All must take action to cope with success

06 Jul, 2018 - 00:07 0 Views
All must take action to cope with success

eBusiness Weekly

In recent weeks we have seen a procession of chief executive officers of listed companies addressing annual general meetings and announcing significant improvements to revenues and large jumps in profits.

They still warn about potential constraints; they still express fears.
But the off-the-shelf phrase “the present harsh economic climate” seems more and more inappropriate. Business in Zimbabwe is largely moving forward; the National Social Services Authority has reported that this year more than 60 000 new people are included in its pension and compensation schemes for those in formal employment outside domestic and farm work.

There are many reasons, but the political changes in November last year rank high on every list. The Government has been getting off the back of business, and the lack of faction fighting in the Government and the eagerness just about every Minister, from the President down, to see progress and development regardless of where it is has made things a lot easier.

That is the good news.
There are potential constraints ahead, although these are the results of success, not failure. Management of foreign exchange needs to be tight until exports rise significantly, and that in itself will be a result of continued economic development. We not only need to import more raw materials for growing industries and new industries, we also need to remember that as factories start exceeding 80 percent capacity utilization their owners will need to import more equipment. Shift work and smarter maintenance schedules can boost productivity of what we have, but only for a while. But the Reserve Bank of Zimbabwe and the Government are aware of the problem and bridging loans are possible for production, although not consumption.

Infrastructure upgrades are also high on most lists.
Again the Government has put these on high priority. On electricity the extra 500MW at Kariba South, which sorts out maximum demand power, was commissioned this year and work has now started on the 600MW extension at Hwange Thermal to provide the extra energy 24 /7 that we need rather soon if we want to keep factory wheels turning.

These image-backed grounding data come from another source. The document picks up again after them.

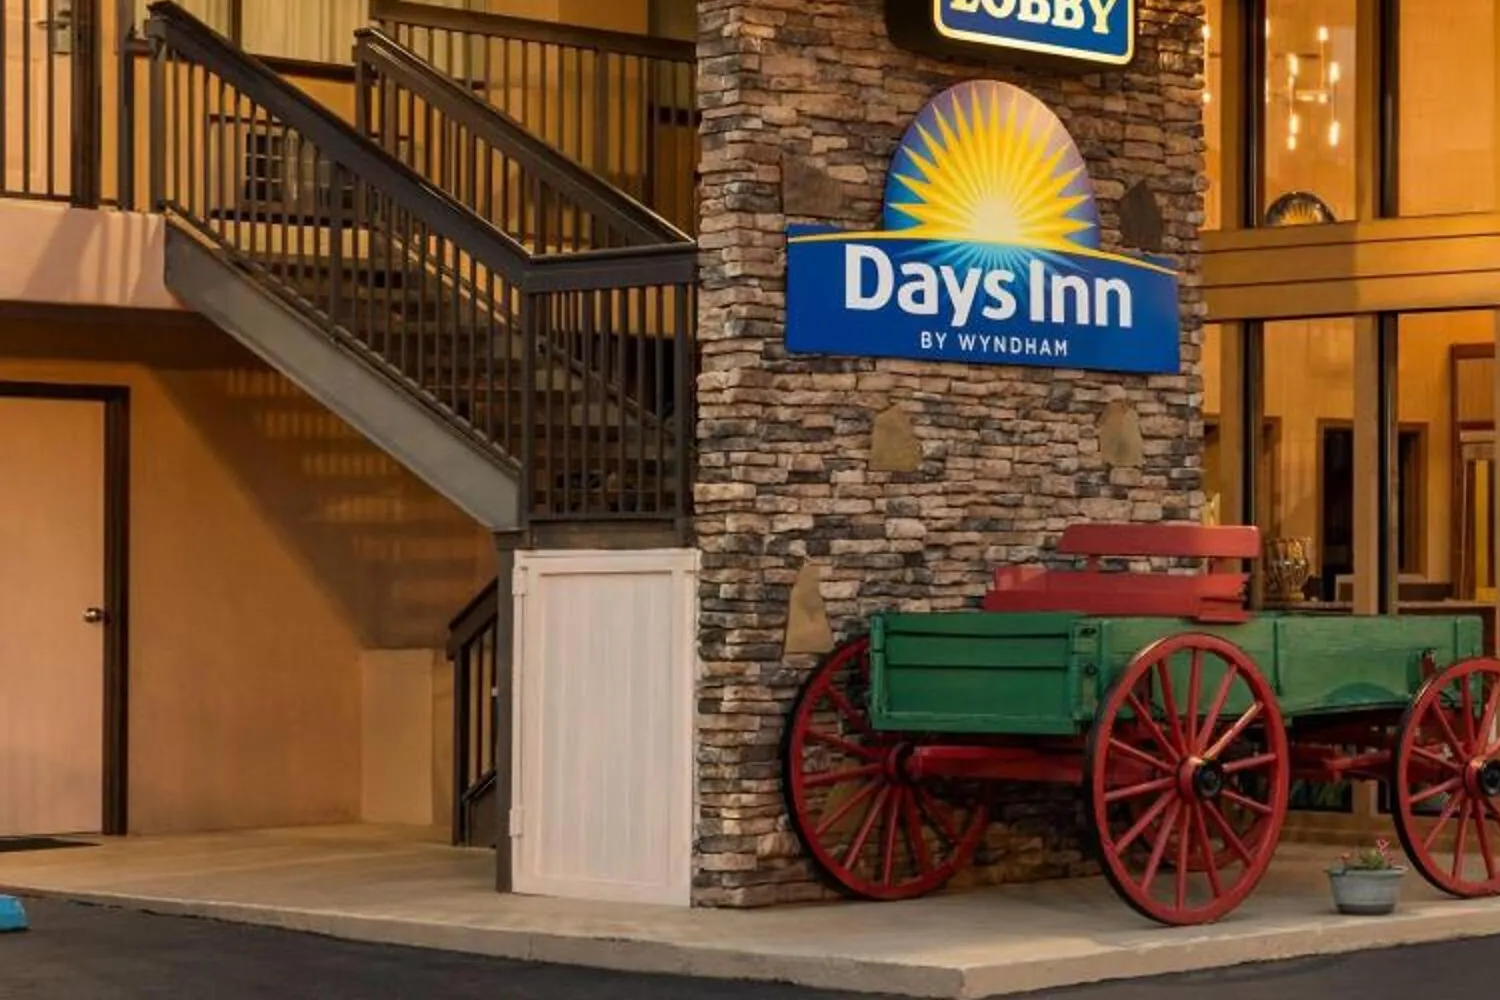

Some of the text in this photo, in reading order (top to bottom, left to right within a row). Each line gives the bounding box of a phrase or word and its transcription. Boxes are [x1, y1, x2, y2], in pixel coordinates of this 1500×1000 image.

[845, 243, 1133, 329] Days Inn
[920, 331, 1068, 357] BY WYNDHAM
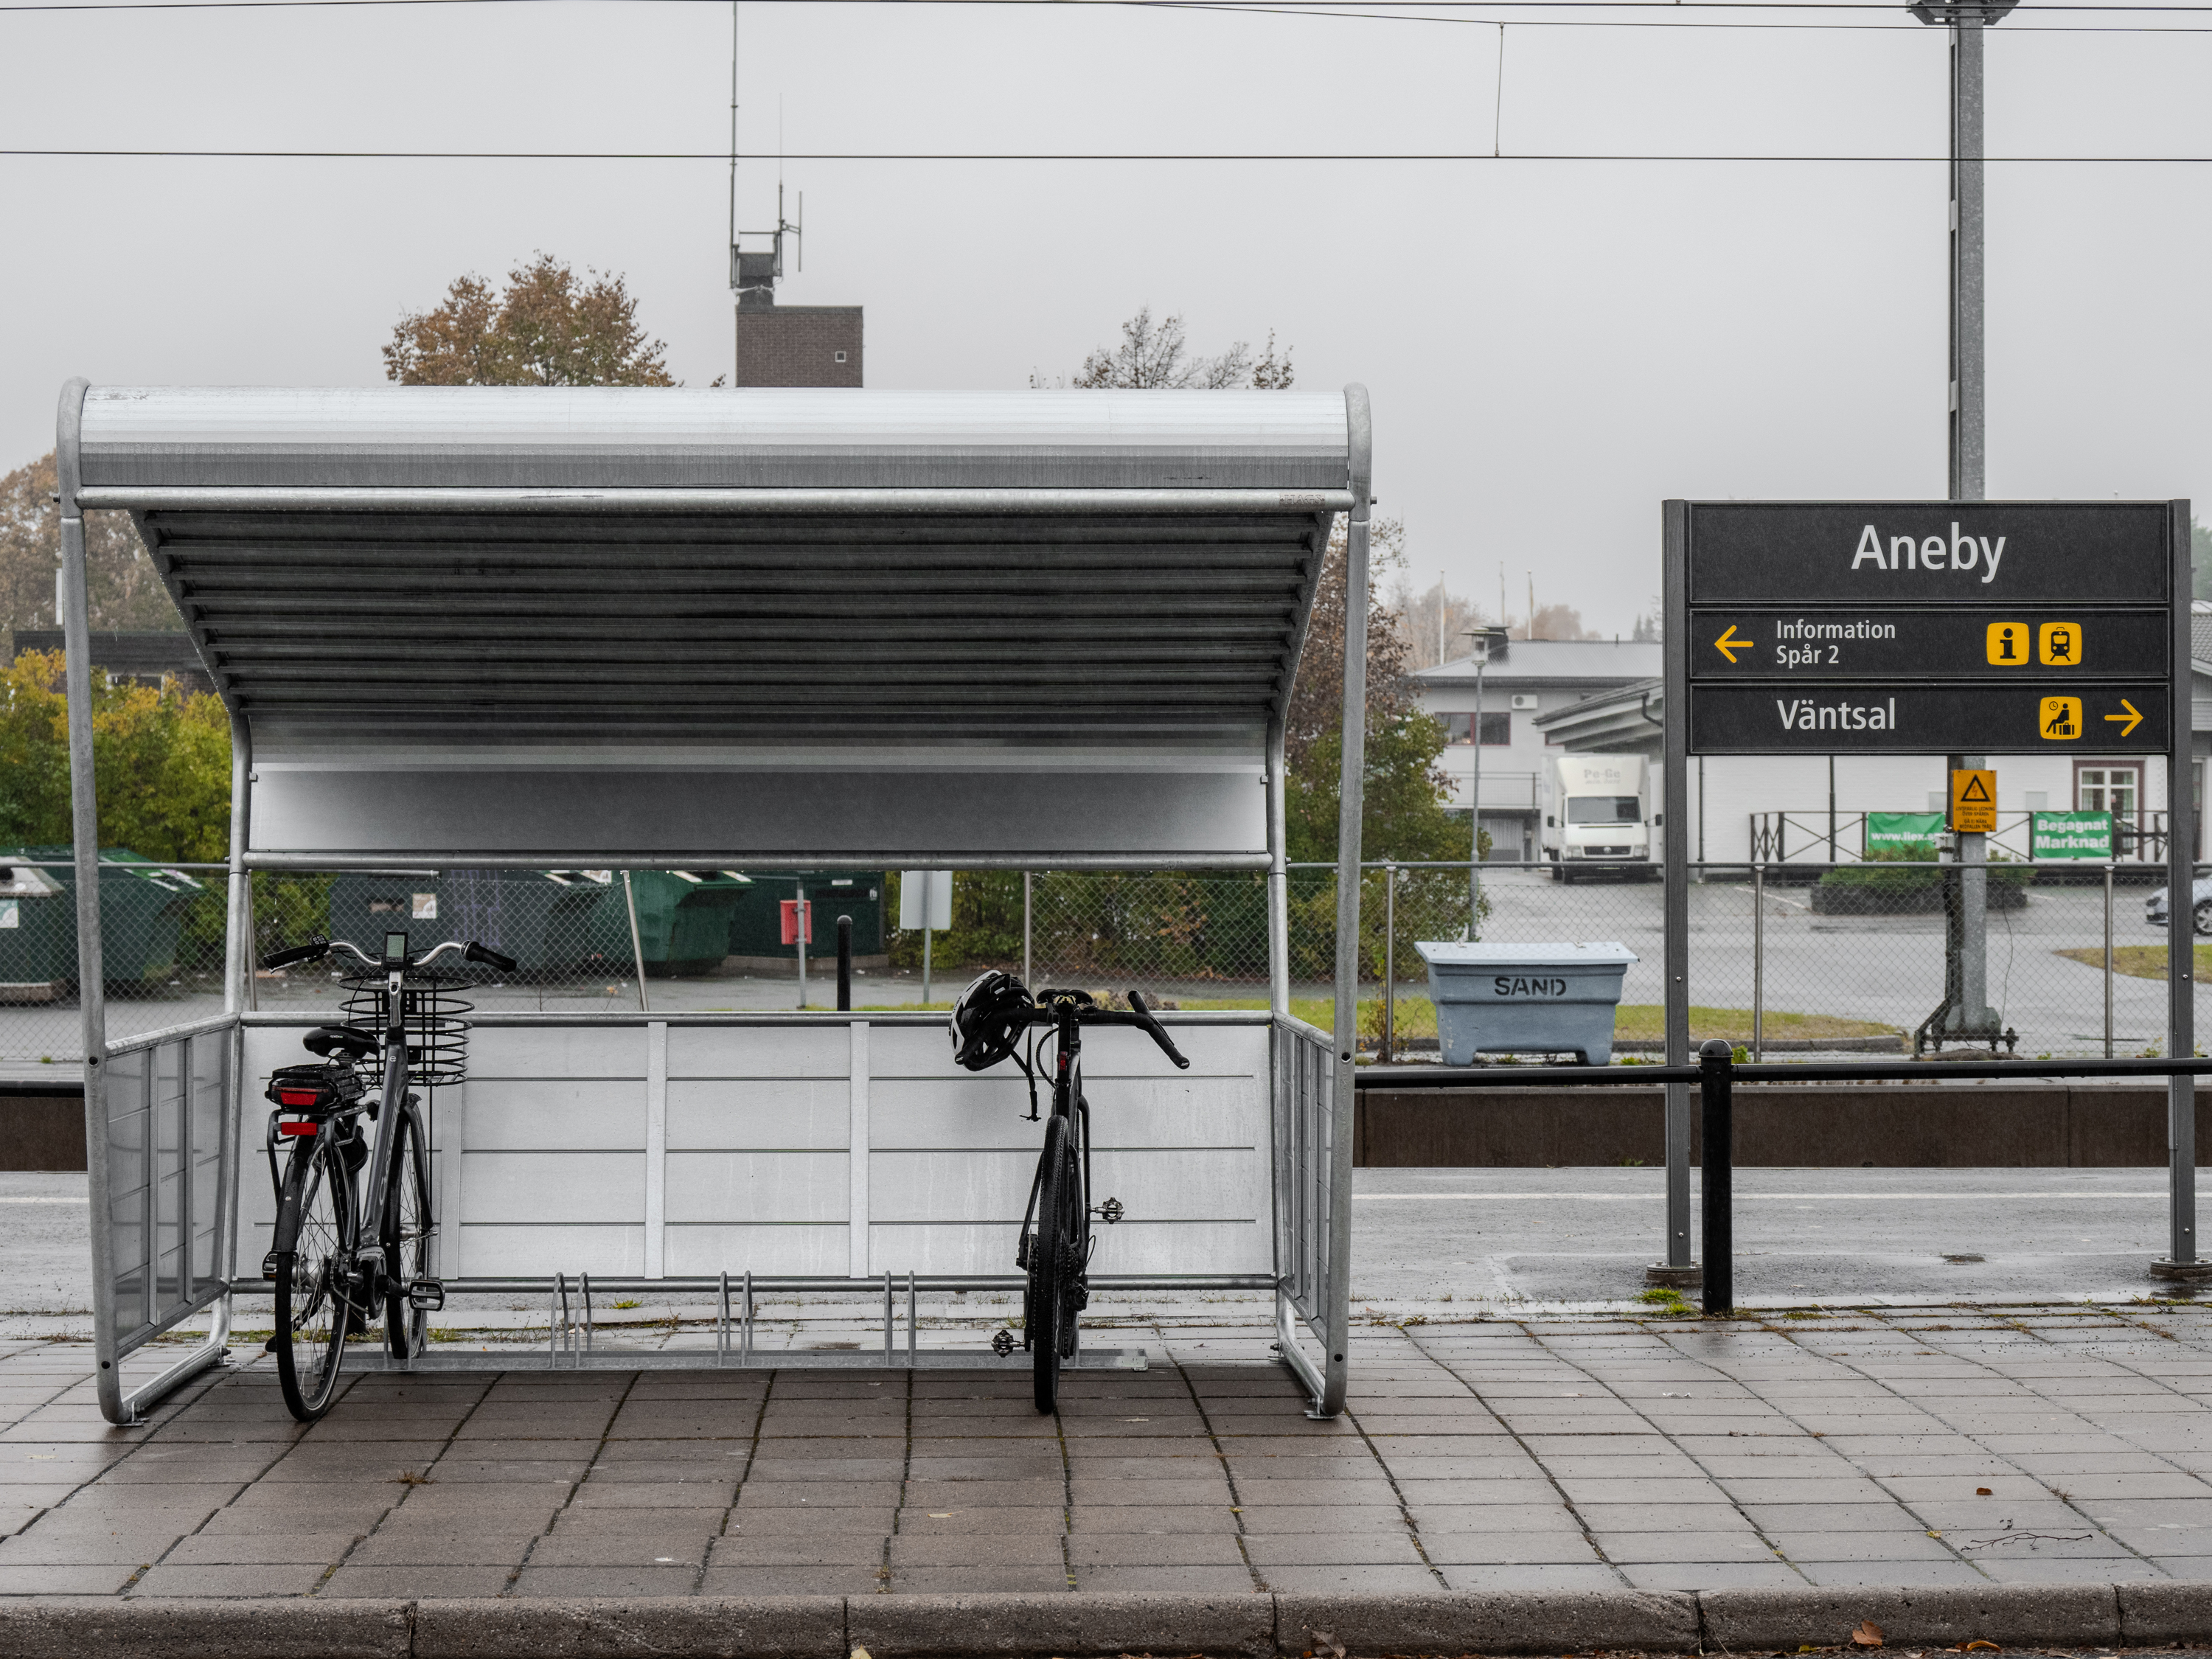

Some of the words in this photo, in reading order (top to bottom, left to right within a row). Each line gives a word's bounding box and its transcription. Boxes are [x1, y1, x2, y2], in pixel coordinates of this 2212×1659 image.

[1851, 521, 2006, 583] Aneby
[1777, 619, 1896, 639] Information
[1776, 643, 1822, 668] Spår
[1828, 644, 1839, 664] 2
[1776, 698, 1895, 730] Väntsal
[1583, 768, 1621, 779] Pe-Ge
[2037, 819, 2108, 833] Begagnat
[2036, 835, 2109, 849] Marknad
[1495, 977, 1567, 996] SAND
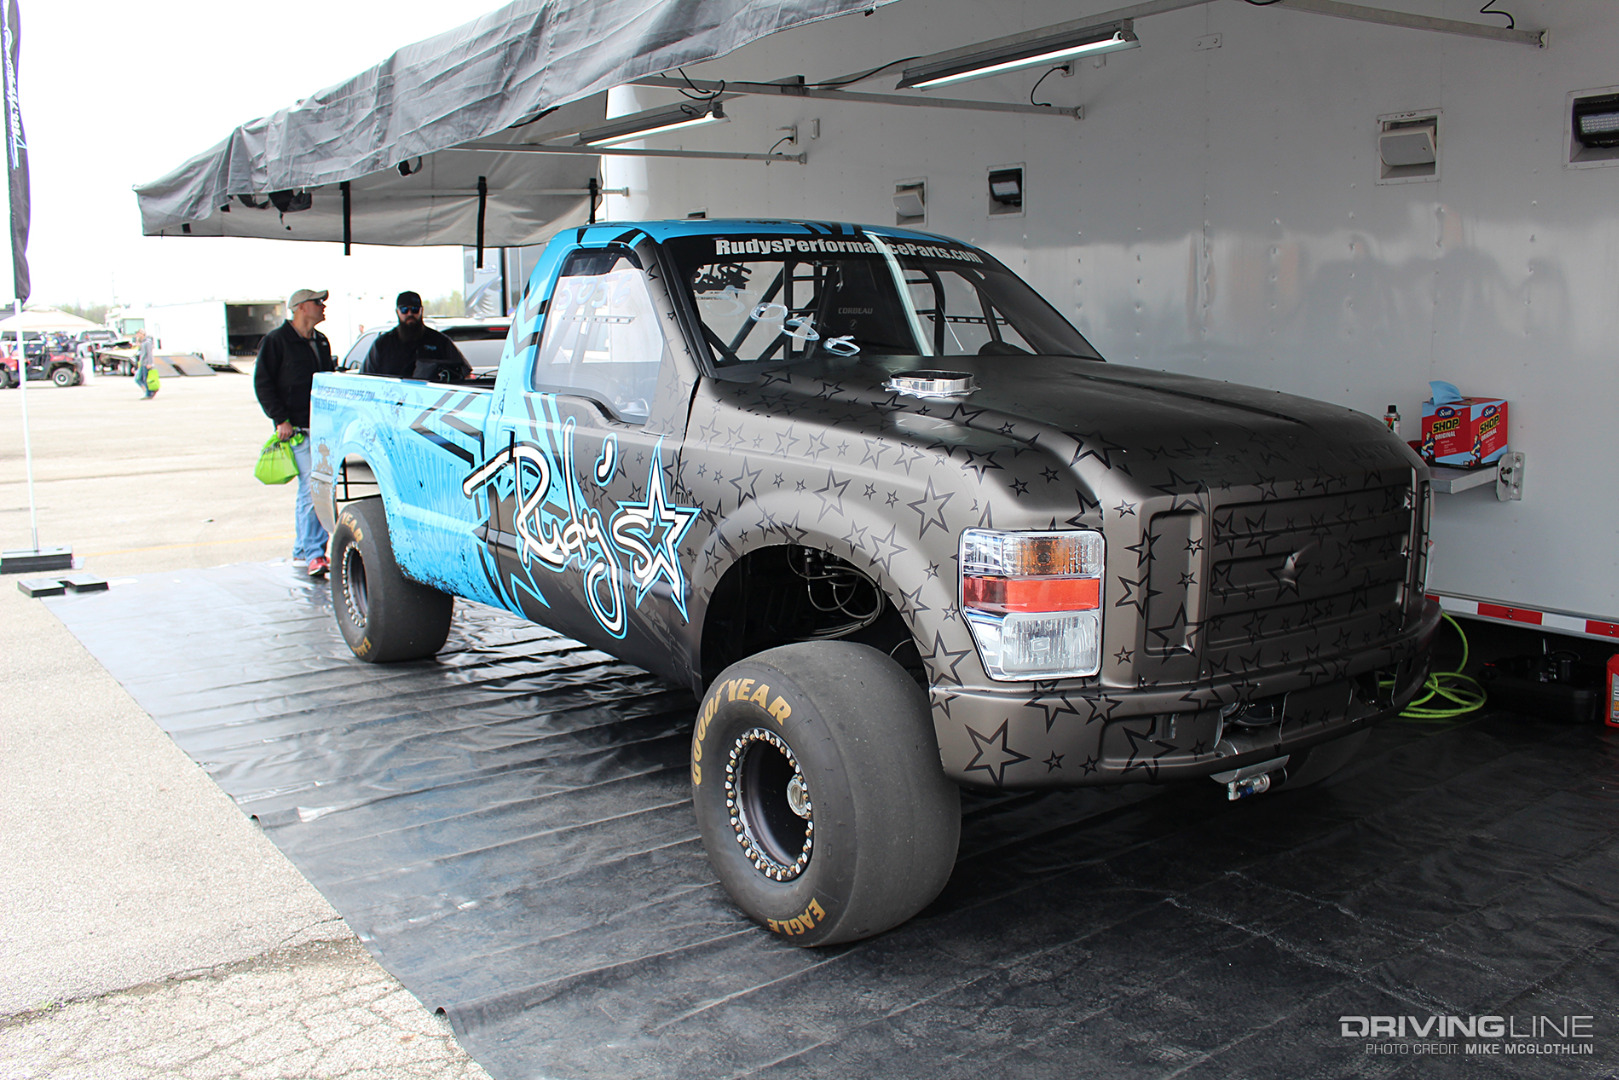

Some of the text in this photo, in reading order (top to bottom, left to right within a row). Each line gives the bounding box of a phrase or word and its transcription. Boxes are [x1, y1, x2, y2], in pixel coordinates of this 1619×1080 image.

A lot of work has been done on repairing the main road network, although side roads are still bad, and the Government has gone to extremes to start the overdue dualisation of the main north-south highway from Beitbridge through Masvingo and Harare to Chirundu. We believe that the other main highway, from Mutare through Harare and Bulawayo to Plumtree could also generate sufficient toll income in the central Harare-Bulawayo section for work to start soon, although the end bits — Bulawayo-Beitbridge, Bulawayo-Victoria Falls, Bulawayo-Plumtree and Harare-Mutare — might need more traffic before an upgrade is viable.

Zimbabwe’s rail system had for all practical purposes collapsed by November last year. Since then new rolling stock has been leased and the National Railways of Zimbabwe is back in operation.

The interconnected SADC railway system uses the fairly narrow Cape gauge, so high speed trains are not possible, South Africa’s Blue Train being about the limit. But the present single track working on the narrowish gauge can absorb a several-fold increase in traffic before the region needs to even contemplate a complete rebuild to a faster standard gauge.

Other work is also possible for significant improvement at modest cost. Harare City Council, for example, could get traffic moving smoothly with three modest investments and one slightly more expensive project.

The cheapest one, and so the first one, would be to extend the six-lane section of Samora Machel Avenue Central to the west from Park Street to Rotten Row and east from Simon Muzenda Street to Enterprise Road.

More expensive, but not dramatically so, is to buy-out the six run-down properties at the west end of Nelson Mandela Avenue, so that street can be one way from Enterprise Road to Rotten Row, and demolish the small old building between the Simon Muzenda Street carpark and bus terminus and reclaim a strip of land from Raylton Sports Club so Jason Moyo Avenue can also connect the two end highways one-way throughout. Rotten Row can also be widened within the existing road reserve.

The southern exit to the city centre requires dramatic work on the intersection of Kenneth Kaunda Avenue, Charter Road, Seke Road and Julius Nyerere Way. This probably requires a flyover and so the demolition of the old police building on the corner, but the police can be compensated with land next to the Magistrates’ Courts for headquarter purposes while keeping the newer part of the exiting central station complex for public use.

At the same time it might well be possible to reach a deal with the railways, who now need to rebuild workshops and the like, to swop some land near the railway station for more land elsewhere and build the long-needed central bus station and terminus for the southern and western routes near the railway station, rather than have a bus rank on every street corner in the “Cococabana” area. That bus station would still be central but off the streets, avoiding the disaster of the plan to put bus stations far from town that had to be reversed a couple of months ago.

The point we are making is that we now need to grapple with success, not failure. A lot of planning has been done. Government is taking action on the things central governments have to do. Now local governments, businesses and the like, also need to see the big picture, initiate debate and start doing their bit.